The task ▸ An exact copy of every record is needed.

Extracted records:
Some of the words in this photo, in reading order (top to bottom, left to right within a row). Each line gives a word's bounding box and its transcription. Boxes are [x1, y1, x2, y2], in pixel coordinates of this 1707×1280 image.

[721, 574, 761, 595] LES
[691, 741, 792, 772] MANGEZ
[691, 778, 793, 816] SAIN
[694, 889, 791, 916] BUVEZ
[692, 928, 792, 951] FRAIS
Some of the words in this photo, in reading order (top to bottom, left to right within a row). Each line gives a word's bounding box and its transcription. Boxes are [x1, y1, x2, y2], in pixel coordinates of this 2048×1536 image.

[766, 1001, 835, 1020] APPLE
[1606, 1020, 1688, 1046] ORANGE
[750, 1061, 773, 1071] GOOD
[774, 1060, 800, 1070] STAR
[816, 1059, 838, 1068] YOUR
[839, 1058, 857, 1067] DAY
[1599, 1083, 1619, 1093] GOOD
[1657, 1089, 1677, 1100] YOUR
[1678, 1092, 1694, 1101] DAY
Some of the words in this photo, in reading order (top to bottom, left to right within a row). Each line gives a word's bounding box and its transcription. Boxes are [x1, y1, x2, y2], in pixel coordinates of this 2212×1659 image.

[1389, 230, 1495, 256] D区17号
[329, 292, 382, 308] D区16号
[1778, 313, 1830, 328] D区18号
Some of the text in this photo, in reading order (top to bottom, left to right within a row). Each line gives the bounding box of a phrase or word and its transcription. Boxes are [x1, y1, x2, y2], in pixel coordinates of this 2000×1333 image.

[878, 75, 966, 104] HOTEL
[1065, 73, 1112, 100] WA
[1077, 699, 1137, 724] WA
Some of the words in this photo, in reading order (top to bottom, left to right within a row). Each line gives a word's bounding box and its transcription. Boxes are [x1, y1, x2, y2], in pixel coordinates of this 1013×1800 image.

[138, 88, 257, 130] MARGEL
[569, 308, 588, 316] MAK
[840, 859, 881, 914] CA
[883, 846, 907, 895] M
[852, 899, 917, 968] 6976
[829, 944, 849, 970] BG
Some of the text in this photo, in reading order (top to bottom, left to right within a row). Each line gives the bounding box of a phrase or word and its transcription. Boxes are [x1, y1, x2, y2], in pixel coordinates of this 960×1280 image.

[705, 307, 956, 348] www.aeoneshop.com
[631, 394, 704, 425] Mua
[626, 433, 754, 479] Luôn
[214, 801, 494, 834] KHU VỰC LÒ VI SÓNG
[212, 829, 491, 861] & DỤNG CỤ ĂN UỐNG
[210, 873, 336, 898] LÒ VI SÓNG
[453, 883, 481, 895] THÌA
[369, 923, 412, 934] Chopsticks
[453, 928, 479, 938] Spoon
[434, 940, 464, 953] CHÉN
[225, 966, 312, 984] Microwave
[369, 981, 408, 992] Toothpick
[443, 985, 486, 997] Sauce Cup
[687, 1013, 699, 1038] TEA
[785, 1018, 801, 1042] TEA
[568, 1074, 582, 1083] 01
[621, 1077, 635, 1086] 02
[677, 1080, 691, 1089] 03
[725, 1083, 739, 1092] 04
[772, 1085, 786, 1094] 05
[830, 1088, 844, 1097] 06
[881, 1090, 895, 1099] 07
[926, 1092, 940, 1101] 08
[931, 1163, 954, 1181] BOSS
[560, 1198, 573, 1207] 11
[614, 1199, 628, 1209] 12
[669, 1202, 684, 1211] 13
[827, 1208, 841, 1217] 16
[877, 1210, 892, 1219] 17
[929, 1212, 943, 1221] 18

Response to the task ▸
Some of the words in this photo, in reading order (top to bottom, left to right within a row). Each line gives a word's bounding box and its transcription. Boxes are [x1, y1, x2, y2], in pixel coordinates of this 1707×1280 image.

[721, 574, 761, 595] LES
[691, 741, 792, 772] MANGEZ
[691, 778, 793, 816] SAIN
[694, 889, 791, 916] BUVEZ
[692, 928, 792, 951] FRAIS
Some of the words in this photo, in reading order (top to bottom, left to right within a row). Each line gives a word's bounding box and its transcription. Boxes are [x1, y1, x2, y2], in pixel coordinates of this 2048×1536 image.

[766, 1001, 835, 1020] APPLE
[1606, 1020, 1688, 1046] ORANGE
[750, 1061, 773, 1071] GOOD
[774, 1060, 800, 1070] STAR
[816, 1059, 838, 1068] YOUR
[839, 1058, 857, 1067] DAY
[1599, 1083, 1619, 1093] GOOD
[1657, 1089, 1677, 1100] YOUR
[1678, 1092, 1694, 1101] DAY
Some of the words in this photo, in reading order (top to bottom, left to right within a row). Each line gives a word's bounding box and its transcription. Boxes are [x1, y1, x2, y2], in pixel coordinates of this 2212×1659 image.

[1389, 230, 1495, 256] D区17号
[329, 292, 382, 308] D区16号
[1778, 313, 1830, 328] D区18号
Some of the text in this photo, in reading order (top to bottom, left to right within a row). Each line gives the bounding box of a phrase or word and its transcription. Boxes are [x1, y1, x2, y2], in pixel coordinates of this 2000×1333 image.

[878, 75, 966, 104] HOTEL
[1065, 73, 1112, 100] WA
[1077, 699, 1137, 724] WA
Some of the words in this photo, in reading order (top to bottom, left to right within a row). Each line gives a word's bounding box and its transcription. Boxes are [x1, y1, x2, y2], in pixel coordinates of this 1013×1800 image.

[138, 88, 257, 130] MARGEL
[569, 308, 588, 316] MAK
[840, 859, 881, 914] CA
[883, 846, 907, 895] M
[852, 899, 917, 968] 6976
[829, 944, 849, 970] BG
Some of the text in this photo, in reading order (top to bottom, left to right within a row). Each line gives the bounding box of a phrase or word and its transcription. Boxes are [x1, y1, x2, y2], in pixel coordinates of this 960×1280 image.

[705, 307, 956, 348] www.aeoneshop.com
[631, 394, 704, 425] Mua
[626, 433, 754, 479] Luôn
[214, 801, 494, 834] KHU VỰC LÒ VI SÓNG
[212, 829, 491, 861] & DỤNG CỤ ĂN UỐNG
[210, 873, 336, 898] LÒ VI SÓNG
[453, 883, 481, 895] THÌA
[369, 923, 412, 934] Chopsticks
[453, 928, 479, 938] Spoon
[434, 940, 464, 953] CHÉN
[225, 966, 312, 984] Microwave
[369, 981, 408, 992] Toothpick
[443, 985, 486, 997] Sauce Cup
[687, 1013, 699, 1038] TEA
[785, 1018, 801, 1042] TEA
[568, 1074, 582, 1083] 01
[621, 1077, 635, 1086] 02
[677, 1080, 691, 1089] 03
[725, 1083, 739, 1092] 04
[772, 1085, 786, 1094] 05
[830, 1088, 844, 1097] 06
[881, 1090, 895, 1099] 07
[926, 1092, 940, 1101] 08
[931, 1163, 954, 1181] BOSS
[560, 1198, 573, 1207] 11
[614, 1199, 628, 1209] 12
[669, 1202, 684, 1211] 13
[827, 1208, 841, 1217] 16
[877, 1210, 892, 1219] 17
[929, 1212, 943, 1221] 18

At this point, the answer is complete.